I opened my eyes, and it came as no surprise to see its one, dumb eye staring at me
Nothing hurt, but my ears were ringing and my forehead was sticky. I sat up and looked at my reflection in the DAWG's lens: A pretty serious gash above my eye. An organic pet would have tried to do something about the cut, but the DAWG could only stare at it. Item #22 on the long list I would be presenting to my parents on why the DAWG should be replaced by a real animal as soon as possible.
Just as soon as I found my parents.
I quickly looked in all directions. I must have drifted downriver because I could not even see the Elevator on the horizon. I tried to remember how I wound up unconscious on the beach.
* * *
The shuttle docked at Counterweight Station, and Mom, Dad, the DAWG and I boarded a car down to Earth.
The first couple hours of the trip were nothing spectacular. I could see Earth from this view anytime I wanted just by looking out a window. Dad tried to get me interested in the view, but until we broke atmo, caring about Earth was not on my agenda.
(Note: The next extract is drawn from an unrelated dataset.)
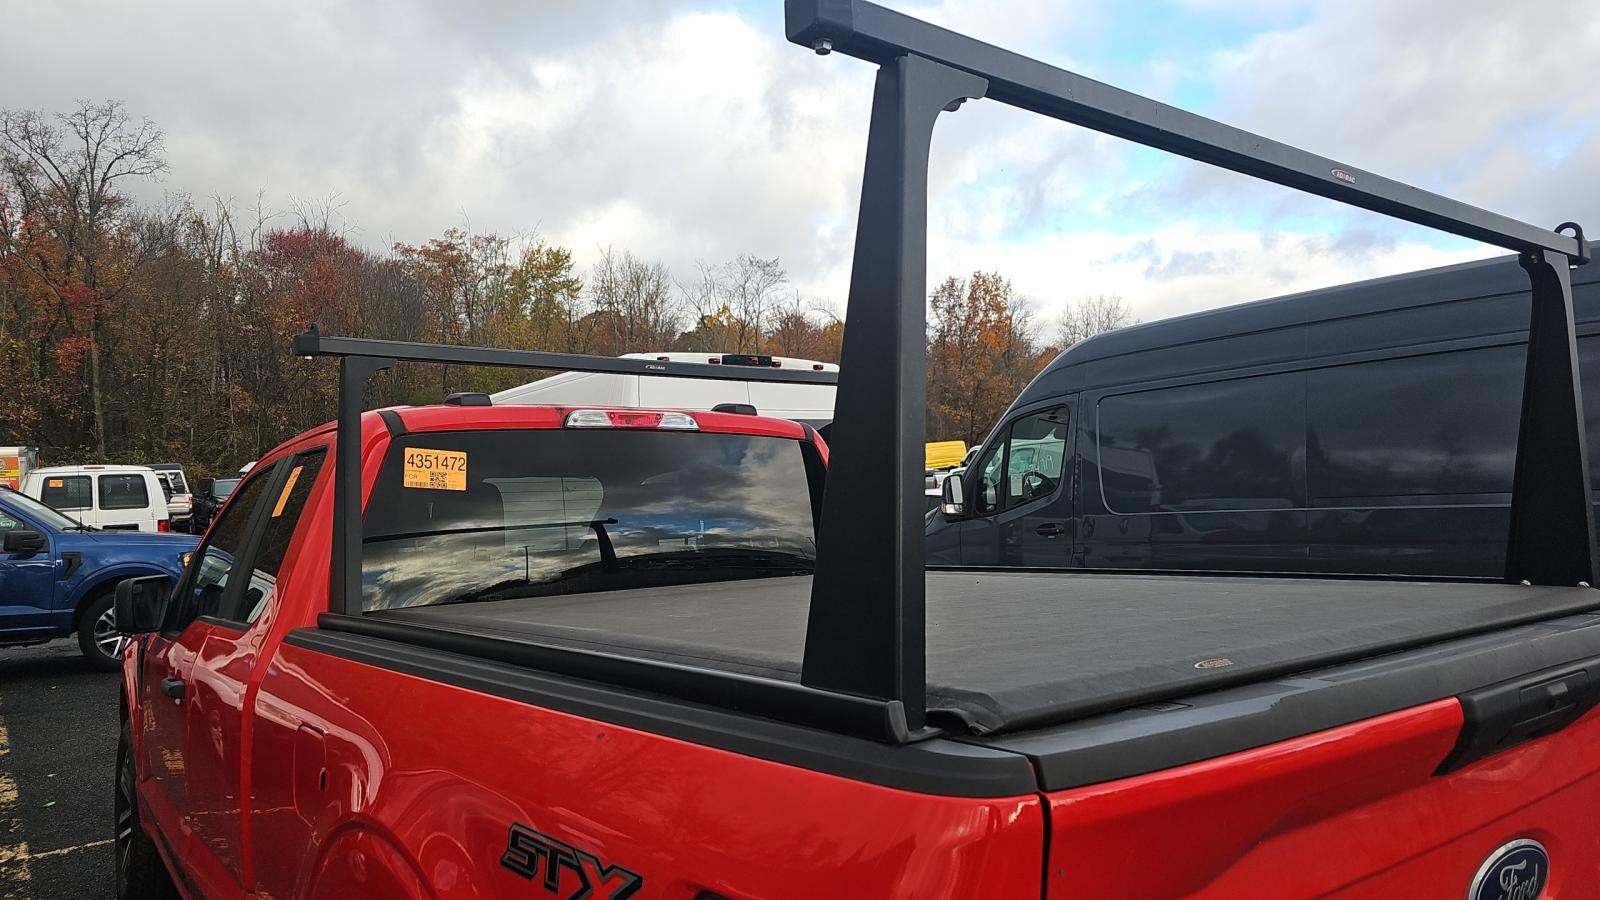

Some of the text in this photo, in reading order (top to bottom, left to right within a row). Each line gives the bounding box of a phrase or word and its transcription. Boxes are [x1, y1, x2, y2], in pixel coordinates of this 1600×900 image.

[407, 453, 466, 471] 4351472
[500, 822, 643, 900] STX
[1499, 859, 1539, 900] Ford
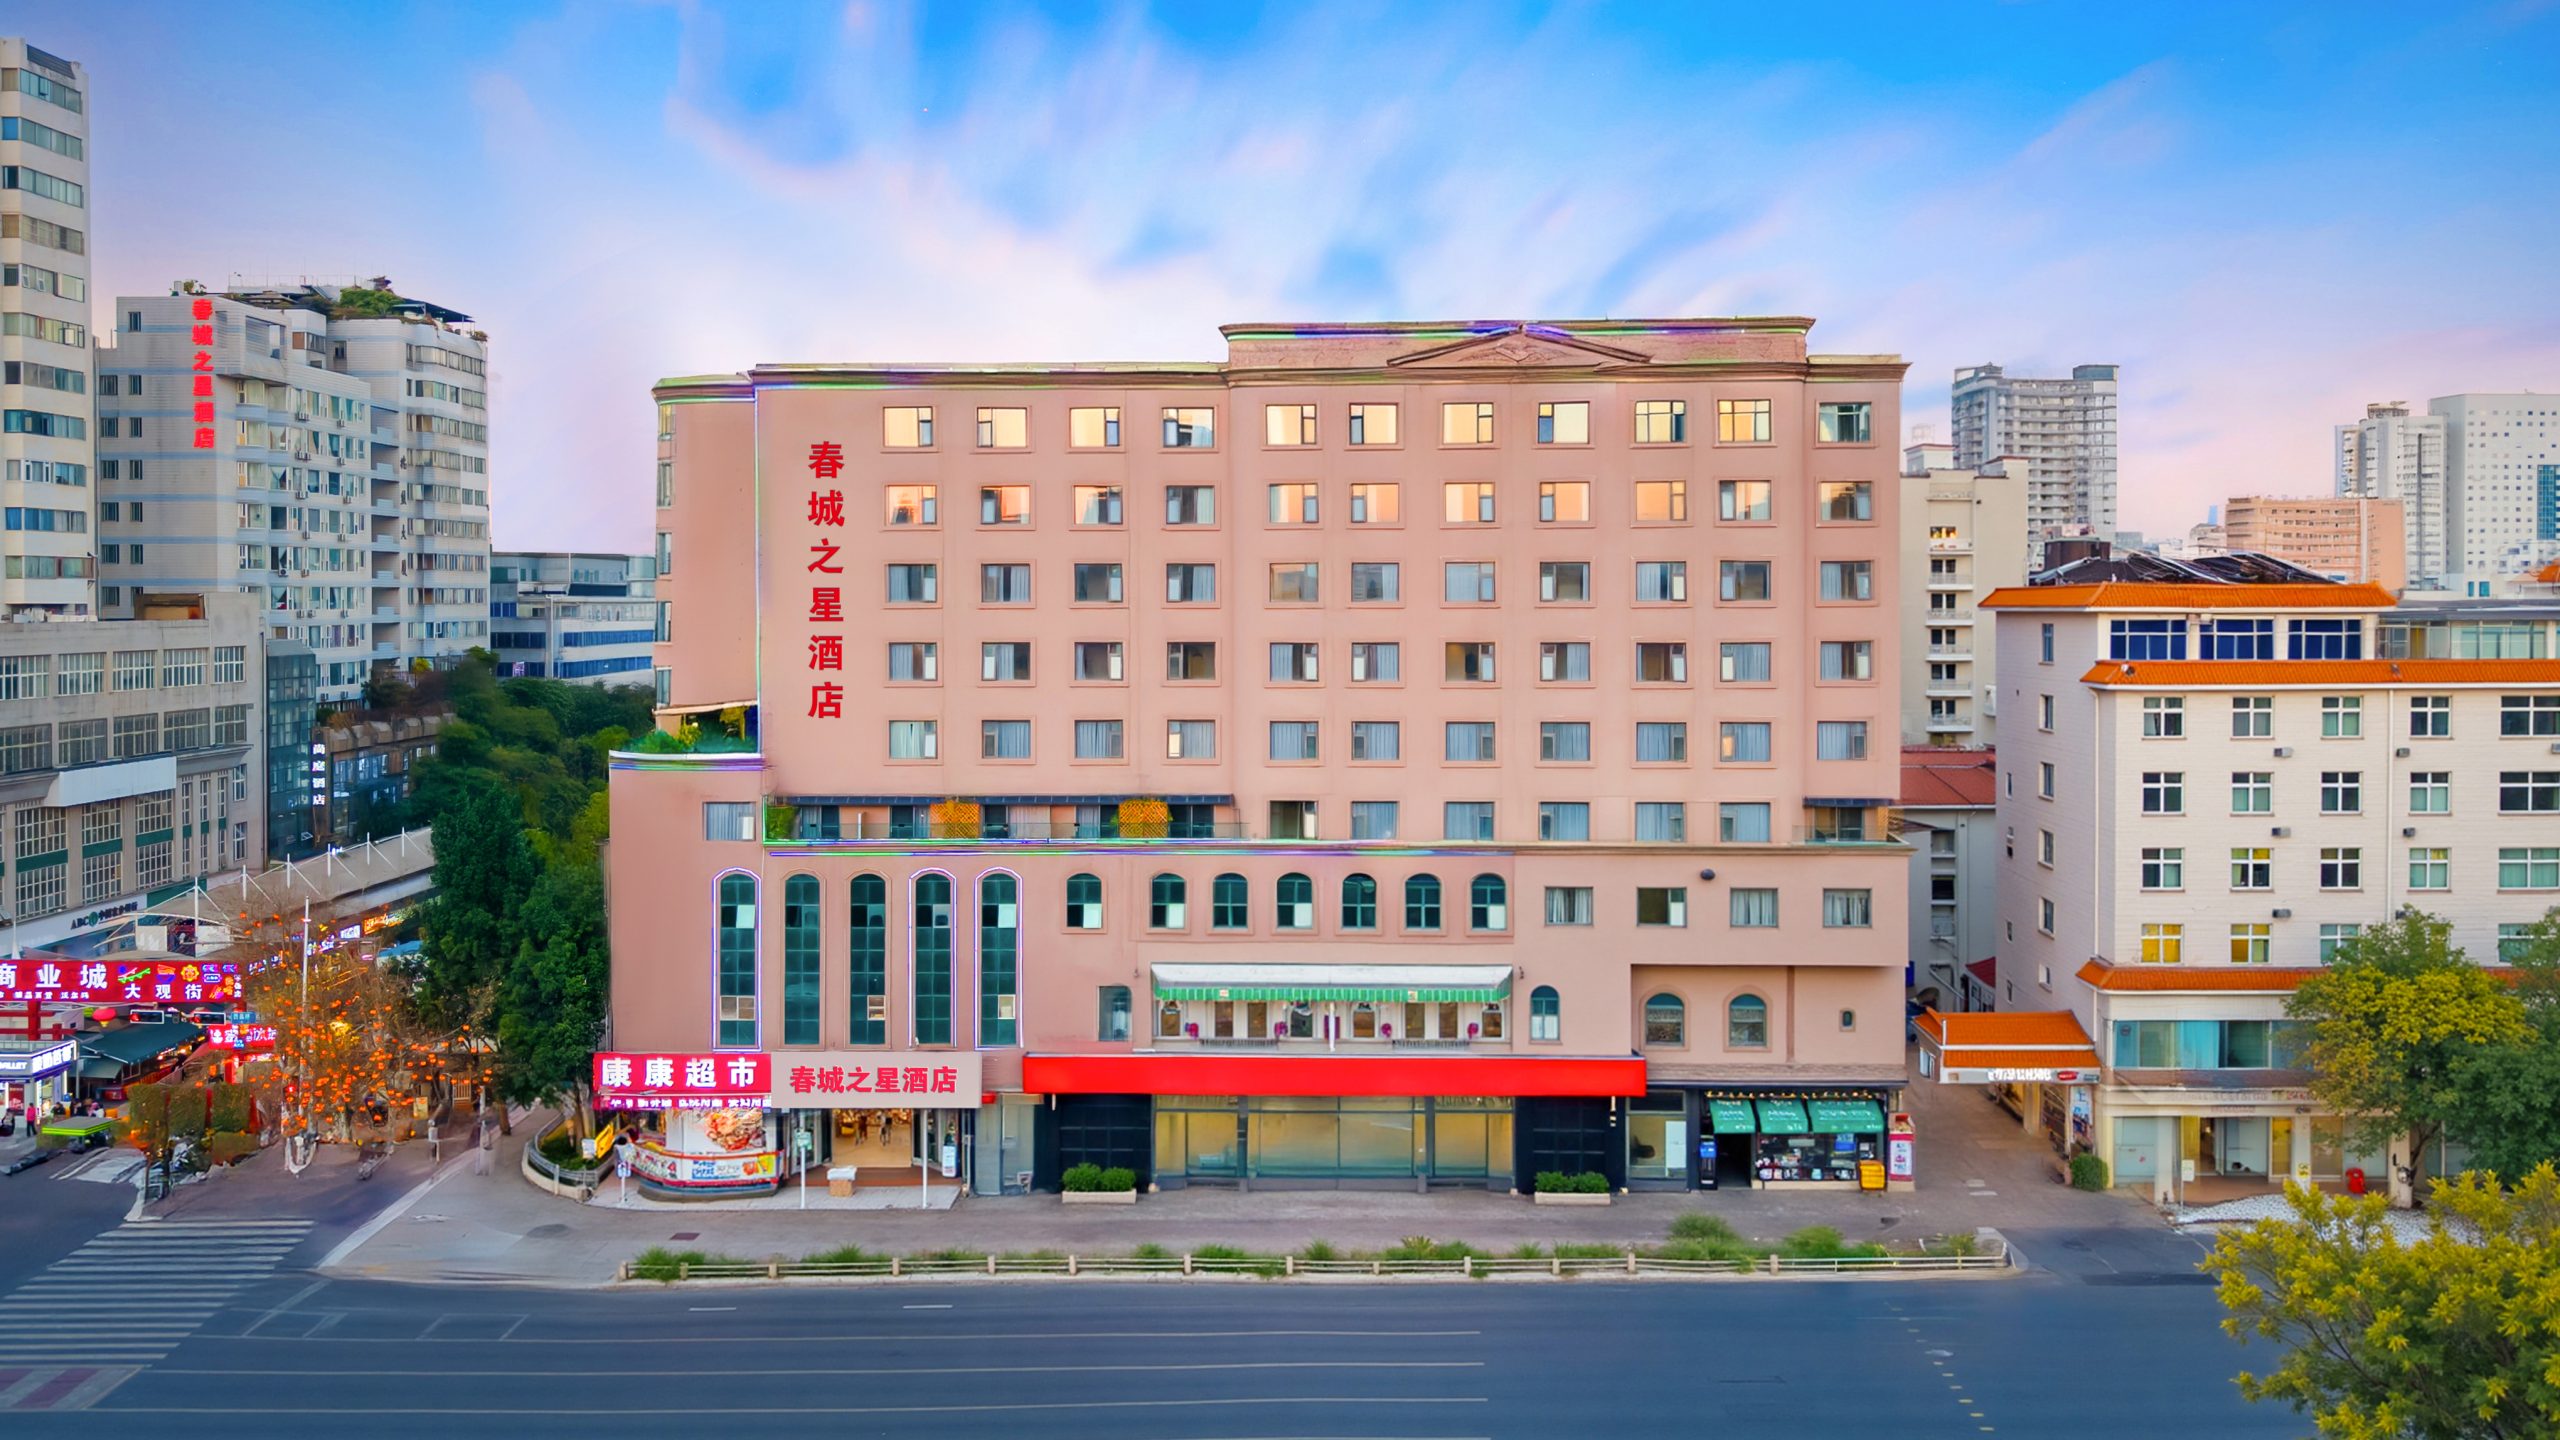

“You ever going to give the DAWG a proper name?” Dad asked after I flipped its off switch to stop it from distracting my attempts at reading.
“Soon as you name the toaster.” I returned to my digital book. “Real pets get names,” I added under my breath. “Fake ones don't care.” The cabin started to glow orange and vibrate as we hit the friction of the Earth's atmosphere.
Clouds! That was the first view of Earth that tore me away from my tablet. Water in the sky! Now that was unique. After we passed through the clouds, it was impossible to get my face away from the windows. Pictures and videos could never do it justice. Liquid water as far as the eye could see, plants growing wild and free, no controlled gardens or hydroponic labs. Wherever there weren't turquoise oceans, it was just brilliant green! Even the buildings of the city below were overgrown, square pillars of green reaching towards our descending car.
While Mom and Dad talked business, I explored the city and DAWG followed me. By my count, this city had room for millions of people; I think I saw maybe 20 while I was exploring. I could not make sense of it. You stayed in first grade a long time if you did not know the rhyme: “In twenty-one twenty-two, we colonized the Moon; by twenty-one sixty-eight, we mostly lived in Space,” but seeing the planet like this, I could not figure out why any sane person would want to leave this planet. Must have been more of a cesspool a hundred years ago.
I explored the city for hours. Up close, the skyscrapers were even more impressive. Giant walls of concrete with hundreds of rooms, but the only thing living there was the ivy and moss that climbed towards the sun. I had DAWG take pictures to show the kids back on the station; as far as my crash course in conversational Portuguese got me, there were never enough recreational visitors to make a real souvenir business viable on the planet. DAWG's pictures would have to be enough to impress everyone.
I was exploring an alley when Dad's call came telling me to meet him and Mom at the ports. We were going on a boat ride to get the merchandise we were here to pick up.
The ports were a long way from where I was. “Sure thing, Dad. Gimme...” I consulted a nearby bus map; I had to wipe a layer of moss off before I could read it, “about 20 minutes to get there.”
“I'll try,” he warned, “But these boats get a lot of passengers.” He paused, and I knew he was looking around the boat's empty deck with a narrow smile on his face. “20 minutes or we'll just have to pick you up when we head for the station on Sunday.”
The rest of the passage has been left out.